» Exercise input
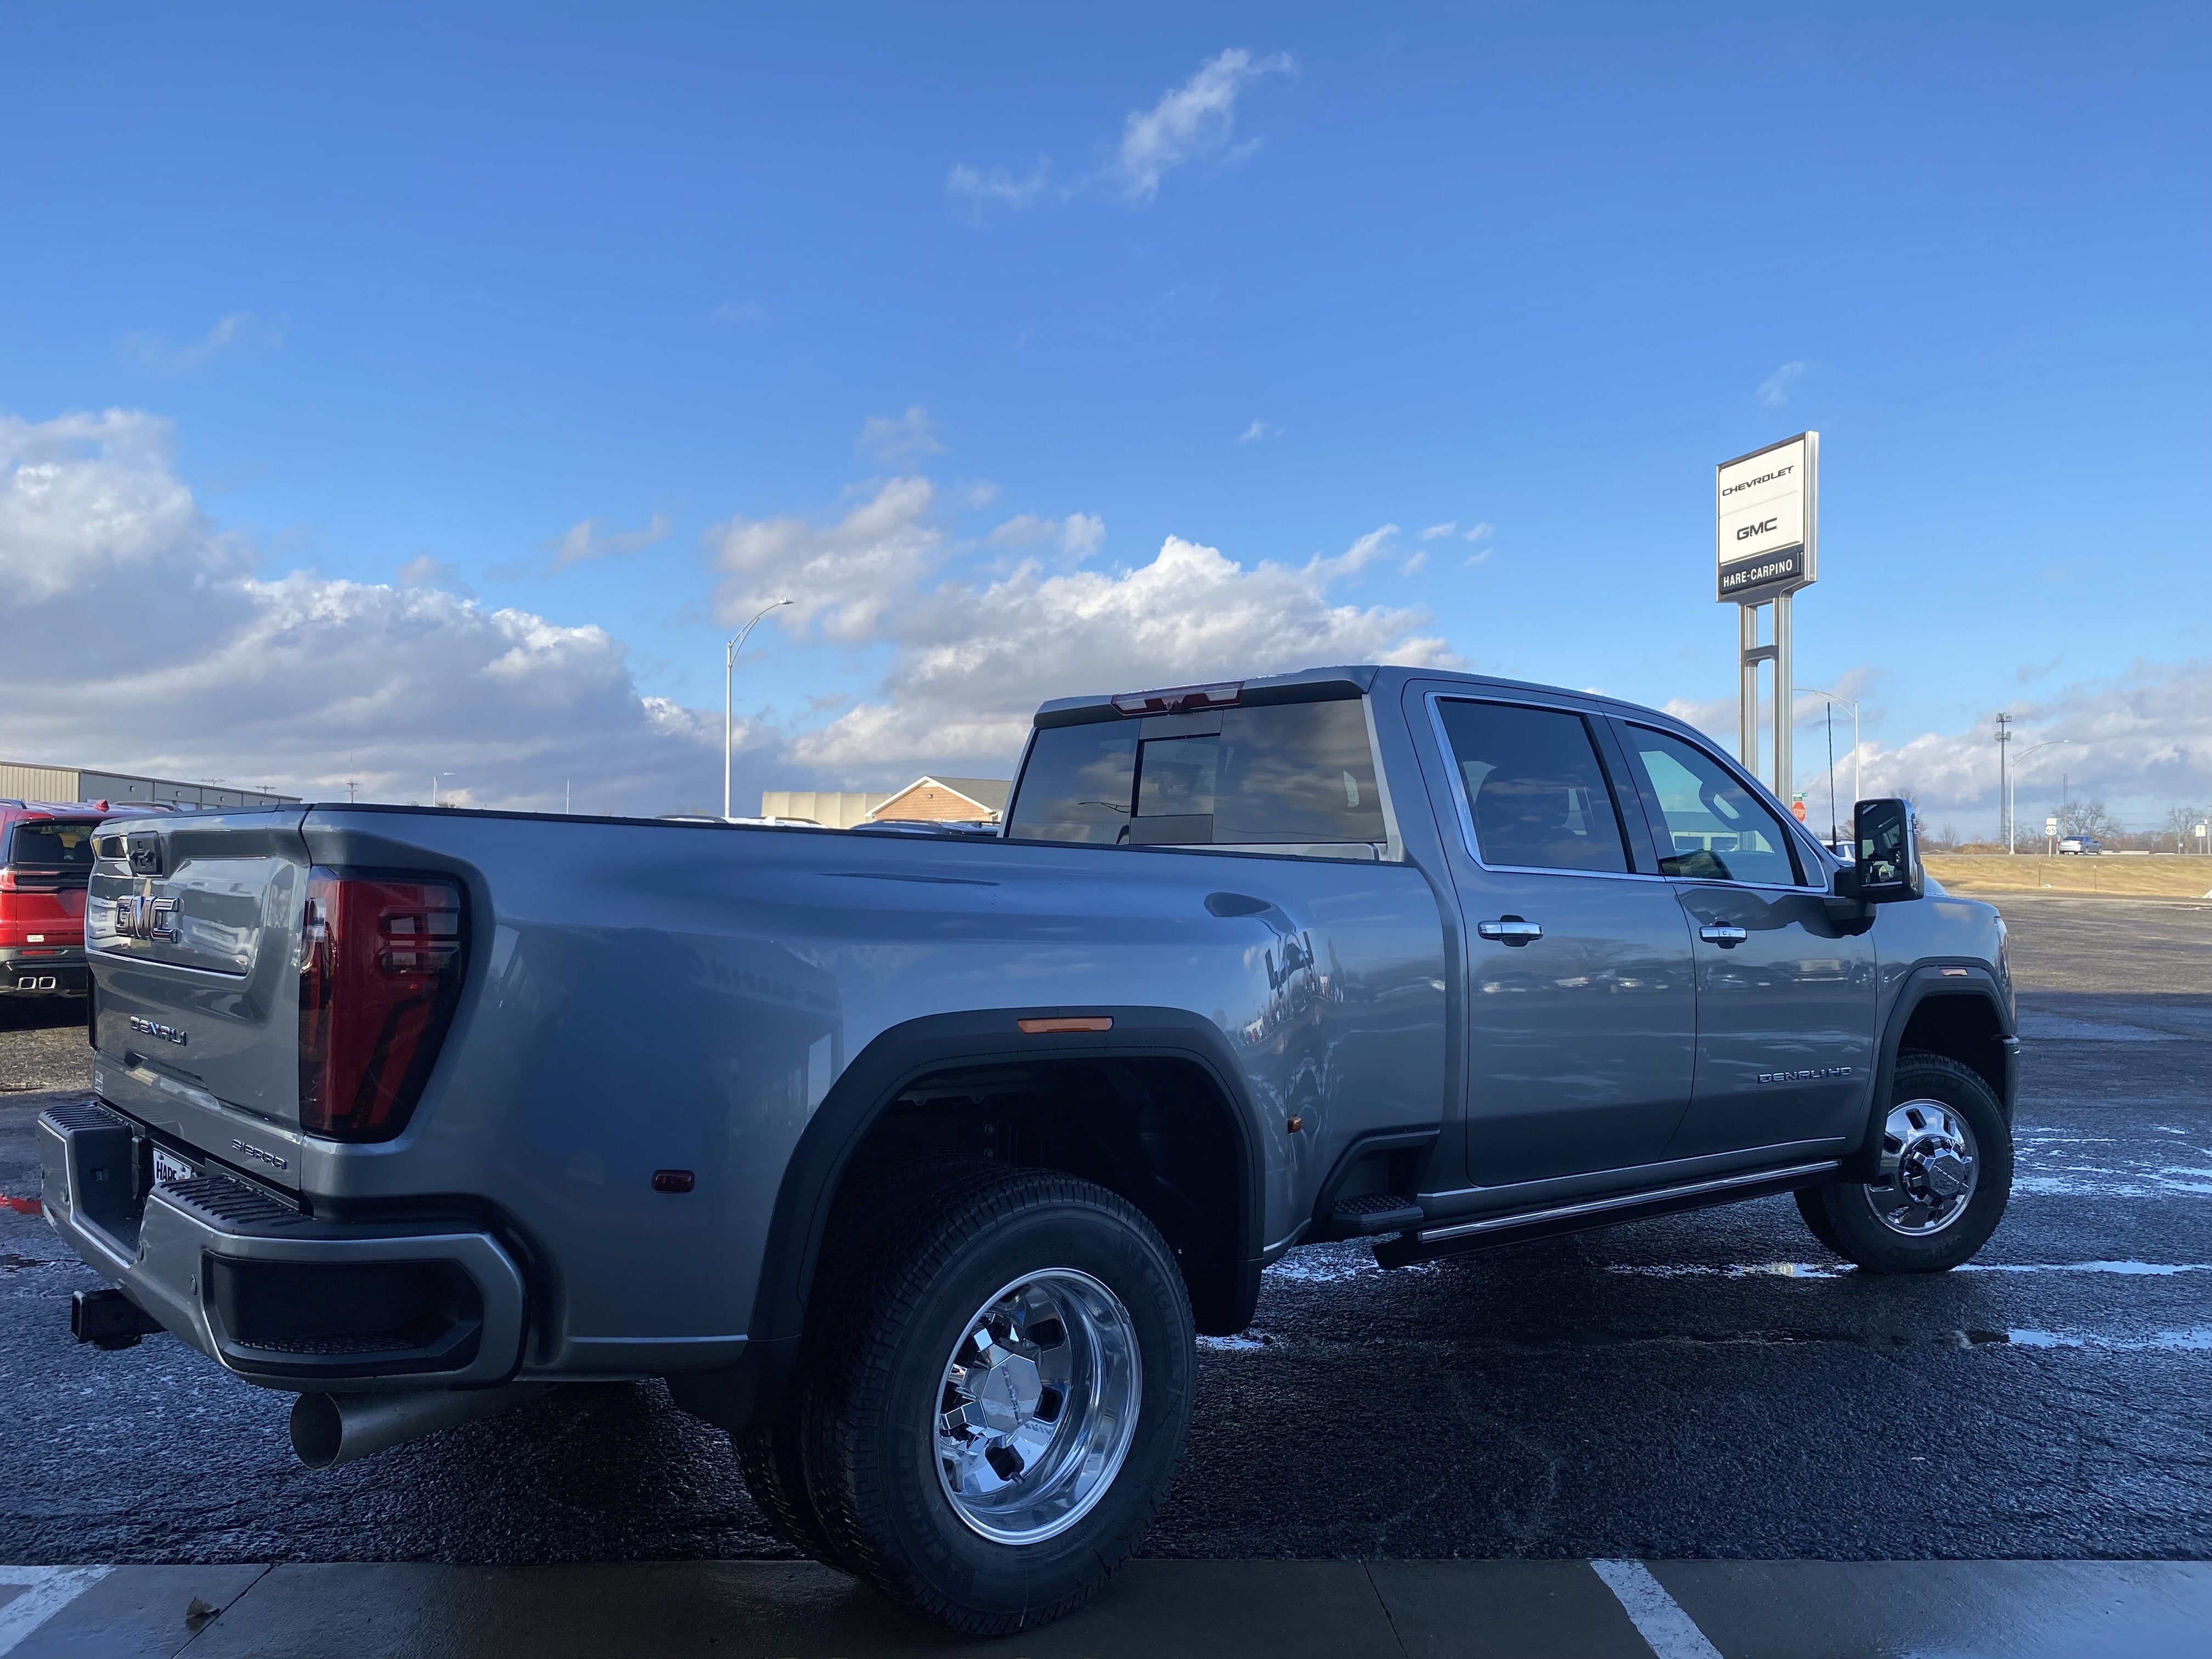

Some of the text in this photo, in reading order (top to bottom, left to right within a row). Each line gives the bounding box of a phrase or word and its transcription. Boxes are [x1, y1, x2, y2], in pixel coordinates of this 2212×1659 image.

[1722, 465, 1794, 496] CHEVROLET
[1736, 517, 1778, 541] GMC
[1723, 558, 1792, 588] HARE-CARPINO
[1793, 809, 1805, 817] STOP
[116, 894, 183, 944] GMC
[131, 1015, 187, 1046] DENALI
[1758, 1066, 1852, 1084] DENALI HD
[232, 1138, 287, 1170] SIERRA
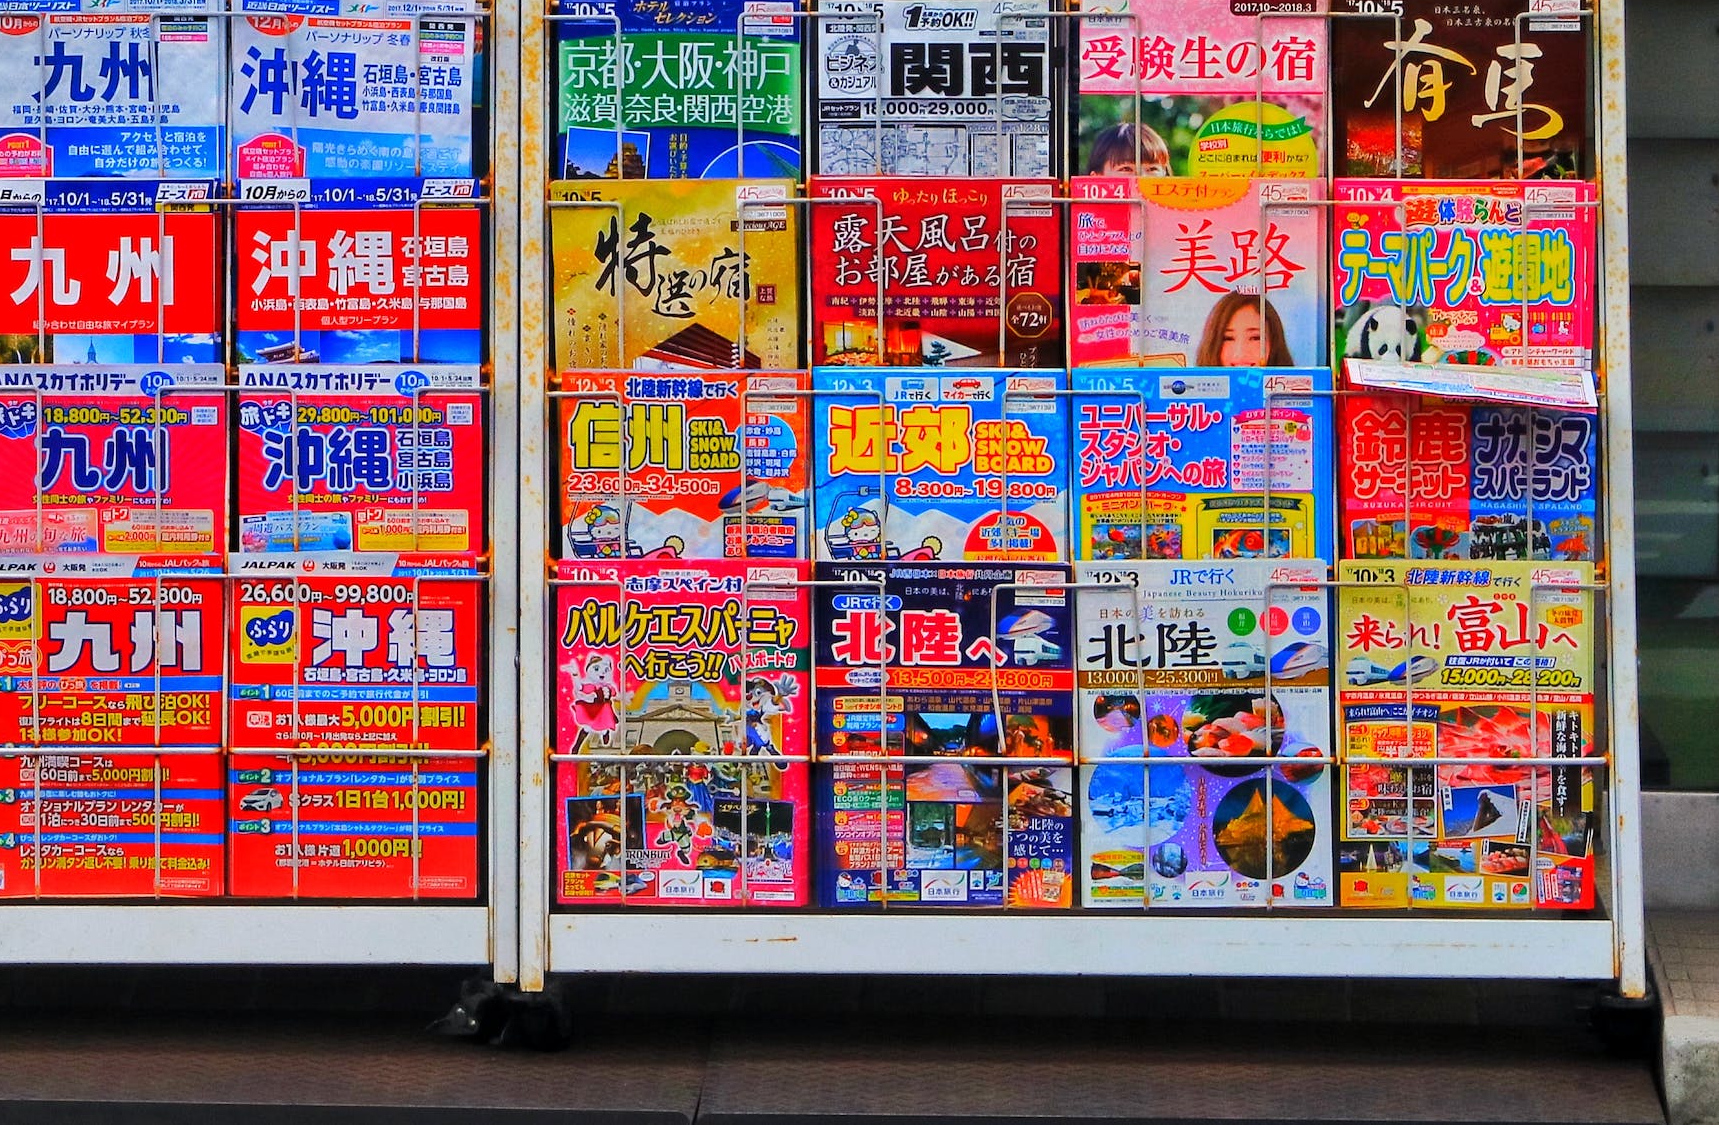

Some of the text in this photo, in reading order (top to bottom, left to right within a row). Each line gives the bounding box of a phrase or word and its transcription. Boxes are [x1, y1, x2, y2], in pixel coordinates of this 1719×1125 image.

[32, 41, 158, 103] 九州
[239, 45, 359, 119] 沖縄
[566, 42, 792, 89] 京都・大阪・神戸
[890, 42, 1046, 97] 関西
[1081, 35, 1316, 82] 受験生の宿
[564, 93, 794, 126] 滋賀・奈良・関西空港
[1150, 182, 1236, 199] エステ付プラン
[10, 235, 174, 307] 九州
[250, 230, 396, 297] 沖縄
[1160, 222, 1307, 295] 美路
[626, 378, 737, 399] 北陸新幹線で行く
[40, 426, 169, 493] 九州
[262, 426, 389, 491] 沖縄
[570, 402, 686, 472] 信州
[829, 405, 971, 476] 近郊
[1351, 411, 1467, 465] 鈴鹿
[1169, 567, 1235, 585] JRで行く
[50, 610, 200, 672] 九州
[832, 610, 959, 663] 北陸
[1087, 621, 1219, 669] 北陸

» What the task asks
Each entry above is to be given again exactly, and any image in it is to be dropped.

» Answer to the problem
Some of the text in this photo, in reading order (top to bottom, left to right within a row). Each line gives the bounding box of a phrase or word and its transcription. Boxes are [x1, y1, x2, y2], in pixel coordinates of this 2212×1659 image.

[1722, 465, 1794, 496] CHEVROLET
[1736, 517, 1778, 541] GMC
[1723, 558, 1792, 588] HARE-CARPINO
[1793, 809, 1805, 817] STOP
[116, 894, 183, 944] GMC
[131, 1015, 187, 1046] DENALI
[1758, 1066, 1852, 1084] DENALI HD
[232, 1138, 287, 1170] SIERRA

Some of the text in this photo, in reading order (top to bottom, left to right within a row). Each line gives the bounding box of a phrase or word and its transcription. Boxes are [x1, y1, x2, y2], in pixel coordinates of this 1719×1125 image.

[32, 41, 158, 103] 九州
[239, 45, 359, 119] 沖縄
[566, 42, 792, 89] 京都・大阪・神戸
[890, 42, 1046, 97] 関西
[1081, 35, 1316, 82] 受験生の宿
[564, 93, 794, 126] 滋賀・奈良・関西空港
[1150, 182, 1236, 199] エステ付プラン
[10, 235, 174, 307] 九州
[250, 230, 396, 297] 沖縄
[1160, 222, 1307, 295] 美路
[626, 378, 737, 399] 北陸新幹線で行く
[40, 426, 169, 493] 九州
[262, 426, 389, 491] 沖縄
[570, 402, 686, 472] 信州
[829, 405, 971, 476] 近郊
[1351, 411, 1467, 465] 鈴鹿
[1169, 567, 1235, 585] JRで行く
[50, 610, 200, 672] 九州
[832, 610, 959, 663] 北陸
[1087, 621, 1219, 669] 北陸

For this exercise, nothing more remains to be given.